IDR是相分离蛋白中一种常见的结构域,常常不含有芳香族及脂肪族氨基酸,且不能够形成一个相对能量较低的、单一的折叠结构。相反,这些蛋白的构象能量往往与其一级序列所含有的能量相同。一级序列往往决定了这些蛋白的相变能力、相变的驱动因素、相变的临界浓度及黏弹性。能够影响相分离的序列特征包括IDR的长度、数量、模式、及IDR与IDR间序列的特征。典型的决定因素包括疏水性氨基酸的组成、模式等。尽管IDR中疏水性氨基酸的含量相对较少,他们代表了相分离中的粘附成分、并根据温度变化调控相分离的浓度。带电氨基酸也能够影响相分离的形成,成对的、带相反电荷的蛋白能够以复合凝聚的形式形成沉淀。

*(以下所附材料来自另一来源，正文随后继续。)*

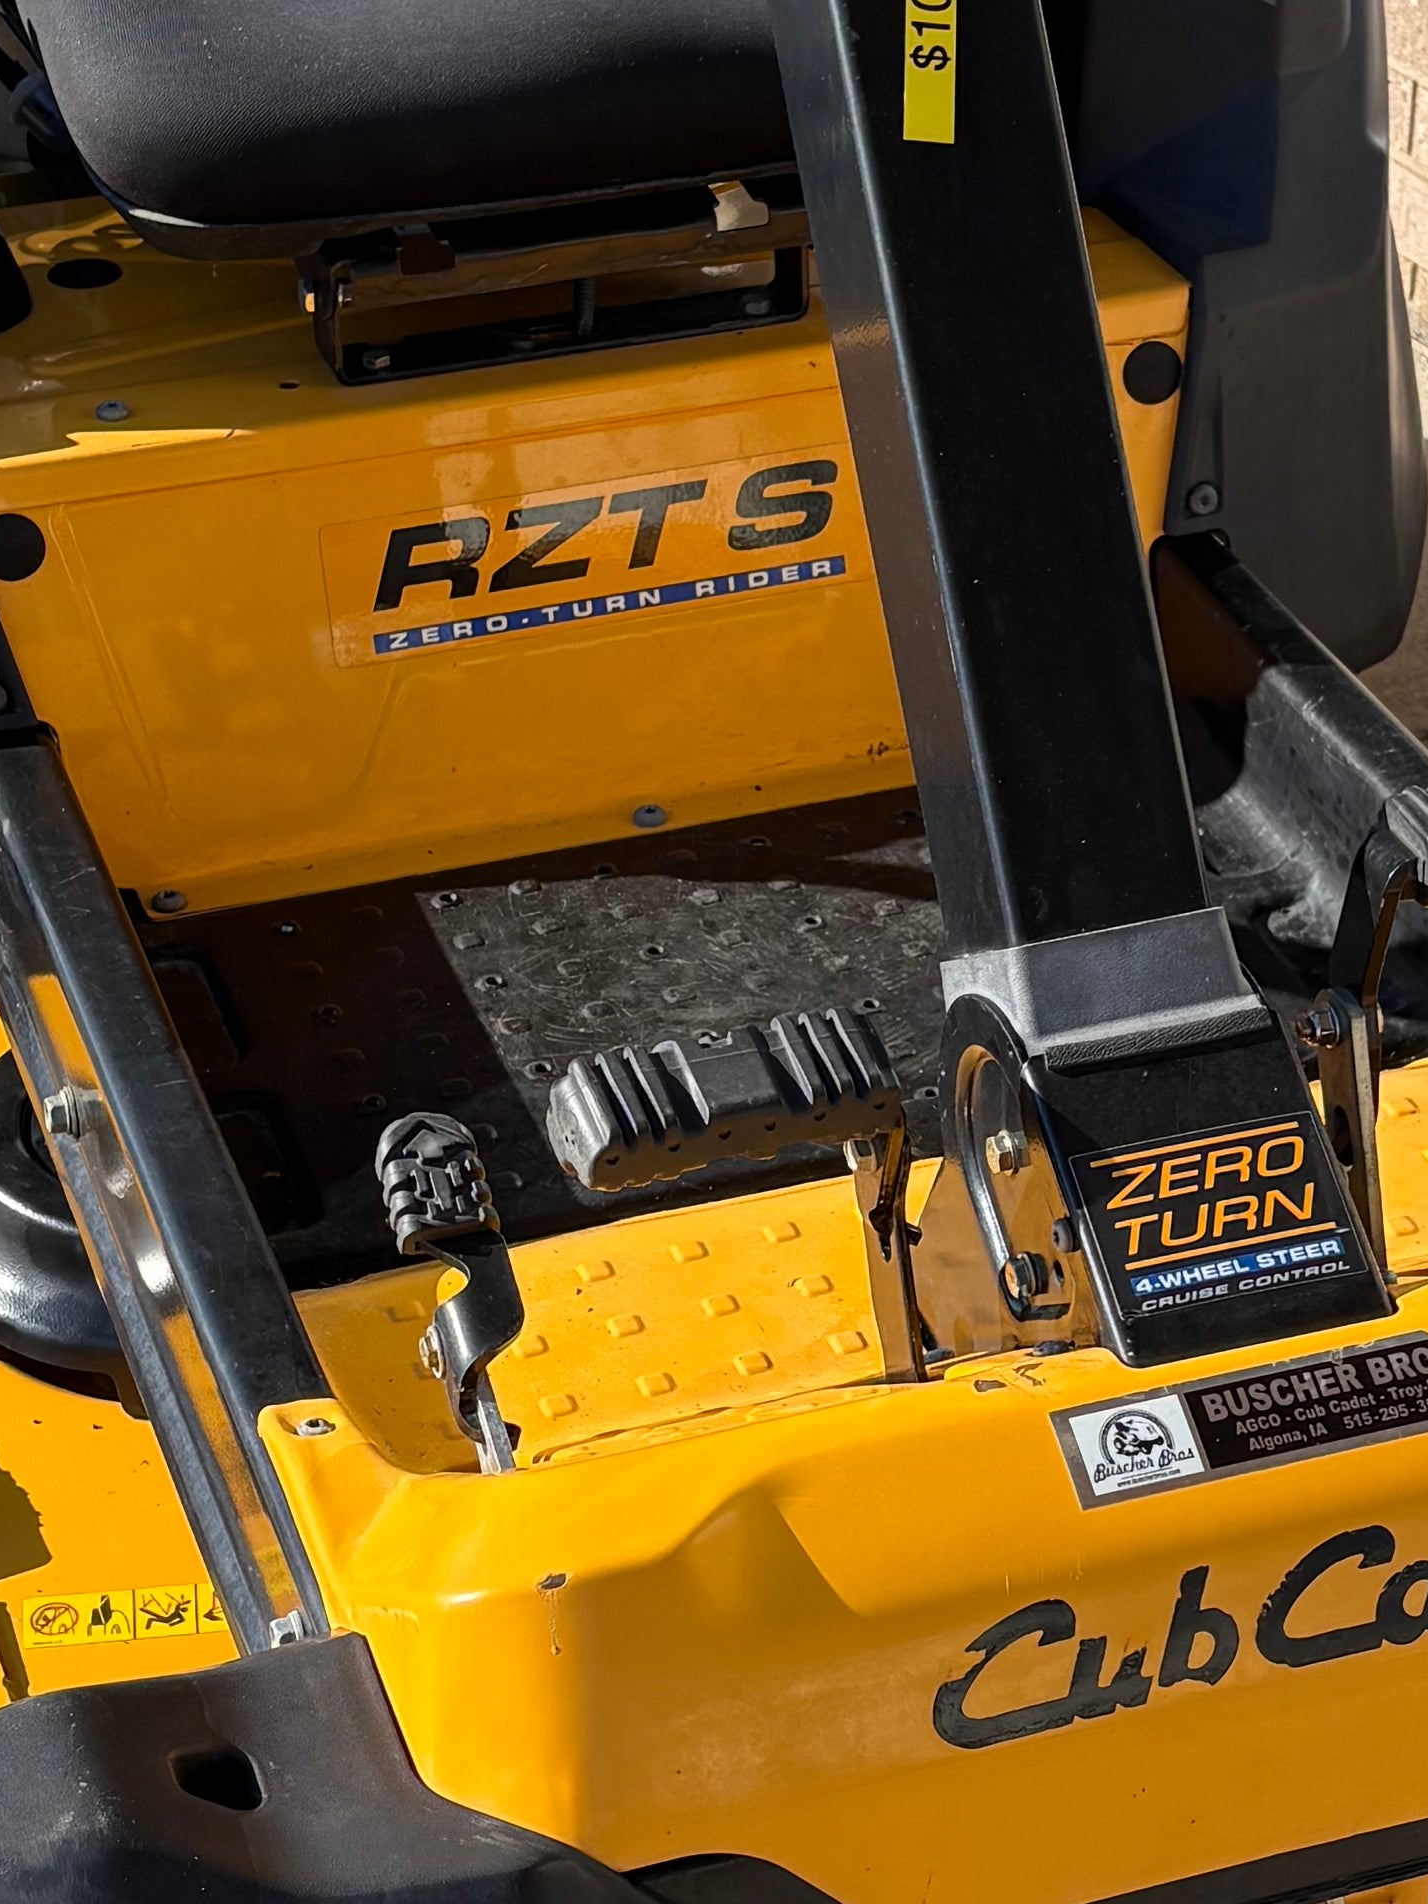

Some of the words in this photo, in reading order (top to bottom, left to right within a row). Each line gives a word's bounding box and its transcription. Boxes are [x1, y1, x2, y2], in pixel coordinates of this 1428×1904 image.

[373, 479, 708, 613] RZT
[727, 459, 838, 552] S
[694, 559, 832, 598] RIDER
[1106, 1135, 1305, 1211] ZERO
[1114, 1182, 1315, 1256] TURN
[1135, 1257, 1252, 1294] 4-WHEEL
[1256, 1241, 1341, 1271] STEER
[1141, 1283, 1229, 1313] CRUISE
[1238, 1260, 1351, 1292] CONTROL
[1201, 1363, 1365, 1423] BUSCHER
[1235, 1414, 1282, 1436] AGCO
[1294, 1403, 1327, 1422] Cub
[1328, 1392, 1377, 1414] Cadet
[1248, 1429, 1308, 1452] Algona,
[1310, 1421, 1329, 1438] IA
[1093, 1456, 1155, 1484] Buscher
[932, 1565, 1240, 1750] Cub

IDR的另一个共同特征是由低复杂度序列区(LCR)构成,如单一氨基酸的重复序列。一个典型的LCR是朊病毒样LCR,富含极性氨基酸如丝氨酸、酪氨酸、谷氨酰胺、天冬酰胺,不含有带电氨基酸。另一个典型的LCR是RNA结合蛋白中常见的RGG结构域,富含精氨酸,且能够调控LCR/RNA间的相互作用。LCR间相互作用的基础是电荷-电荷、共轭-共轭、阳离子-共轭互作。

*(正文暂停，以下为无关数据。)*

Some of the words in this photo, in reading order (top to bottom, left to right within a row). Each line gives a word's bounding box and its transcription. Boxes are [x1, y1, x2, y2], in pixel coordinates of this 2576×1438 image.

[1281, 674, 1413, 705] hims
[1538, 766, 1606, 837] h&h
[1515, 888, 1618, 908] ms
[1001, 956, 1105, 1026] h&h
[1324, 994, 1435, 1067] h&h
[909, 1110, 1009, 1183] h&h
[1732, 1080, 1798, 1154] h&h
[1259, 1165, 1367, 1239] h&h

因此,目前常应用预测算法推测蛋白质中的IDR以分析其发生相分离的能力(图3)。
图3:蛋白序列分析以及相分离预测工具
以FUS为例,IUPred算法鉴定前250个氨基酸、aa365-420、aa450-C端为潜在IDR,PLAAC算法鉴定到FUS N端含有QGSY-及G-重复序列,D2P2算法则区别了FUS的可折叠结构域与无序结构域。Anthony A. Hyman教授的团队则对这一预测算法的结果进行了实验验证。
体外重构相分离
相分离可以在体外通过纯化的蛋白以及核酸等在特定的条件下发生,体外重构的相分离实验对于该领域具有重要的作用(2012年,美国西南医学中心Michael Rosen和Steven McKnight独立发现在试管中这些分子通过微弱的作用力形成液滴,即首次证实了相分离能够通过简单的生化实验在体外重复【4, 5】。清华大学李丕龙教授便是Michael Rosen 这篇文章的一作)。

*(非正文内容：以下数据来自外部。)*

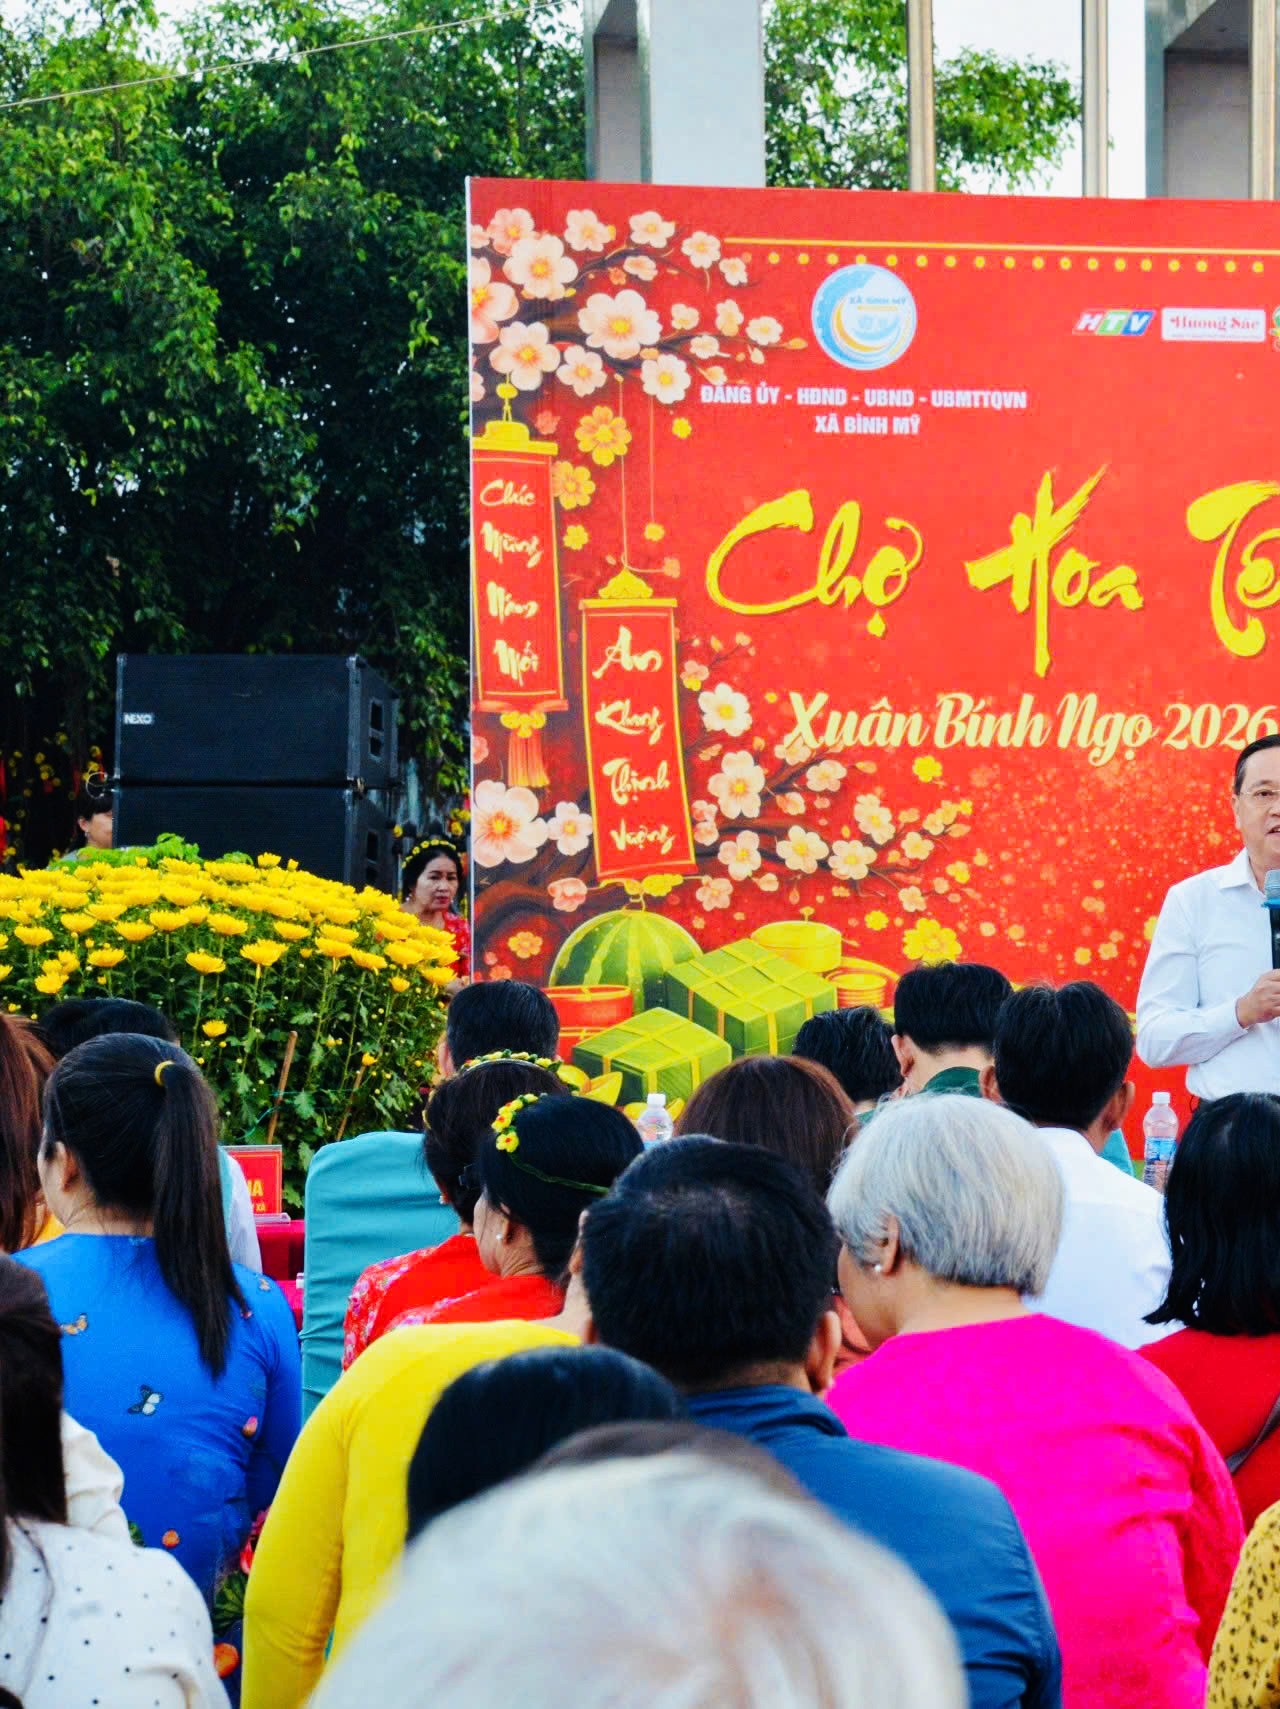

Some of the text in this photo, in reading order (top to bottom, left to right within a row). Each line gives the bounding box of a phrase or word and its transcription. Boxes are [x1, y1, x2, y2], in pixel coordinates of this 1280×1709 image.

[1075, 312, 1151, 332] HTV
[797, 387, 847, 407] HĐND
[864, 389, 915, 407] UBND
[931, 390, 1027, 409] UBMTTQVN
[814, 413, 921, 435] XÃ BÌNH MỸ
[479, 478, 536, 507] Chúc
[706, 488, 924, 638] Chợ
[963, 462, 1145, 678] Hoa
[493, 639, 539, 687] Mới
[592, 624, 664, 679] An
[123, 713, 153, 725] NEXO
[594, 698, 667, 745] Khang
[783, 691, 1279, 767] Xuân Bính Ngọ 2026
[602, 757, 671, 806] Thịnh
[610, 818, 676, 856] Vượng

体外的相分离现象可以非常简单的使用普通的光学显微镜观察,发生相分离的特点是溶液会从澄清变得浑浊,镜检时会看到在溶液中会存在一些如水中的油滴状态的液滴。作者建议使用PEG或者lipids包被载玻片,以更好的观察和记录相分离现象。另外,可以将蛋白或者RNA使用荧光标记,或者将不同的组分通过不同的荧光分开标记,以方便使用荧光显微镜或者激光共聚焦显微镜拍摄出更好的图片,同时可以做FRAP等实验,以及持续拍摄获得LLPS动态变化过程。但是在具体应用此方法的时候要注意,一些RNA与RNA结合蛋白之间可能会被拍摄中的激光照射所交联,在拍摄的时候需要注意此类问题。
除此以外,可以使用检测溶液浑浊度的方法检测相分离,也可以使用离心沉淀的方法检测相分离现象。实验相关的具体的细节,推荐大家阅读香港科技大学张明杰教授题为Cell Phase transition in postsynaptic densities underlies formation of synaptic complexes and synaptic plasticity 的Cell文章中图4中的实验【6】。(另:Bioart专门邀请了张明杰教授过去的博士,现为复旦大学生物医学研究院PI 温文玉教授对张明杰教授的工作进行了系统解读,见延伸阅读)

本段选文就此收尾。